Data to process:
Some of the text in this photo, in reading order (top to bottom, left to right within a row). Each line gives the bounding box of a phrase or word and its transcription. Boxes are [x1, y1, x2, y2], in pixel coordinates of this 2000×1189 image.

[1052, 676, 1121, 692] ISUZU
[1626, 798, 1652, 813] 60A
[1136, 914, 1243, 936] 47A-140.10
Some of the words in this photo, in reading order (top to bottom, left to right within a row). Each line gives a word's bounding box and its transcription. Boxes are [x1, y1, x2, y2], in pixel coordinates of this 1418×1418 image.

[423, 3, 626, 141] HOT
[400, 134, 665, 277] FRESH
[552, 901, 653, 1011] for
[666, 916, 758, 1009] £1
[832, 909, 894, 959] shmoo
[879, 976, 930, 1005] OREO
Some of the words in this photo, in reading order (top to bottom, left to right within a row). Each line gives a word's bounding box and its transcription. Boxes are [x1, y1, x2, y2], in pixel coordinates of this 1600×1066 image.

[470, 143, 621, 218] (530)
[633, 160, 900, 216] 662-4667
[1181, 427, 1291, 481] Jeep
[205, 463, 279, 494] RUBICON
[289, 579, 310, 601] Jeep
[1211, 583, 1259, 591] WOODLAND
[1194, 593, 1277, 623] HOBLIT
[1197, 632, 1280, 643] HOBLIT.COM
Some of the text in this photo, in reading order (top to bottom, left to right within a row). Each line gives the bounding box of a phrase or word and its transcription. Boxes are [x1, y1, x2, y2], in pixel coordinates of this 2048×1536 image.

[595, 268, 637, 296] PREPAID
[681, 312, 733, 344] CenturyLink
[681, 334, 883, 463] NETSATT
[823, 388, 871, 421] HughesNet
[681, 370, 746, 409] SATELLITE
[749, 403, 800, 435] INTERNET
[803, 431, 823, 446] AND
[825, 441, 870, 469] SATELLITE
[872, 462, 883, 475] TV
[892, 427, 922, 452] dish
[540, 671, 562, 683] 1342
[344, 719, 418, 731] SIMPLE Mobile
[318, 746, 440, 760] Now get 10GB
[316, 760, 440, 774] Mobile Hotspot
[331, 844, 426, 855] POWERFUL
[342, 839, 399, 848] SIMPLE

Problem to work on: Each line above should be output exactly as written.

Response below:
Some of the text in this photo, in reading order (top to bottom, left to right within a row). Each line gives the bounding box of a phrase or word and its transcription. Boxes are [x1, y1, x2, y2], in pixel coordinates of this 2000×1189 image.

[1052, 676, 1121, 692] ISUZU
[1626, 798, 1652, 813] 60A
[1136, 914, 1243, 936] 47A-140.10
Some of the words in this photo, in reading order (top to bottom, left to right within a row). Each line gives a word's bounding box and its transcription. Boxes are [x1, y1, x2, y2], in pixel coordinates of this 1418×1418 image.

[423, 3, 626, 141] HOT
[400, 134, 665, 277] FRESH
[552, 901, 653, 1011] for
[666, 916, 758, 1009] £1
[832, 909, 894, 959] shmoo
[879, 976, 930, 1005] OREO
Some of the words in this photo, in reading order (top to bottom, left to right within a row). Each line gives a word's bounding box and its transcription. Boxes are [x1, y1, x2, y2], in pixel coordinates of this 1600×1066 image.

[470, 143, 621, 218] (530)
[633, 160, 900, 216] 662-4667
[1181, 427, 1291, 481] Jeep
[205, 463, 279, 494] RUBICON
[289, 579, 310, 601] Jeep
[1211, 583, 1259, 591] WOODLAND
[1194, 593, 1277, 623] HOBLIT
[1197, 632, 1280, 643] HOBLIT.COM
Some of the text in this photo, in reading order (top to bottom, left to right within a row). Each line gives the bounding box of a phrase or word and its transcription. Boxes are [x1, y1, x2, y2], in pixel coordinates of this 2048×1536 image.

[595, 268, 637, 296] PREPAID
[681, 312, 733, 344] CenturyLink
[681, 334, 883, 463] NETSATT
[823, 388, 871, 421] HughesNet
[681, 370, 746, 409] SATELLITE
[749, 403, 800, 435] INTERNET
[803, 431, 823, 446] AND
[825, 441, 870, 469] SATELLITE
[872, 462, 883, 475] TV
[892, 427, 922, 452] dish
[540, 671, 562, 683] 1342
[344, 719, 418, 731] SIMPLE Mobile
[318, 746, 440, 760] Now get 10GB
[316, 760, 440, 774] Mobile Hotspot
[331, 844, 426, 855] POWERFUL
[342, 839, 399, 848] SIMPLE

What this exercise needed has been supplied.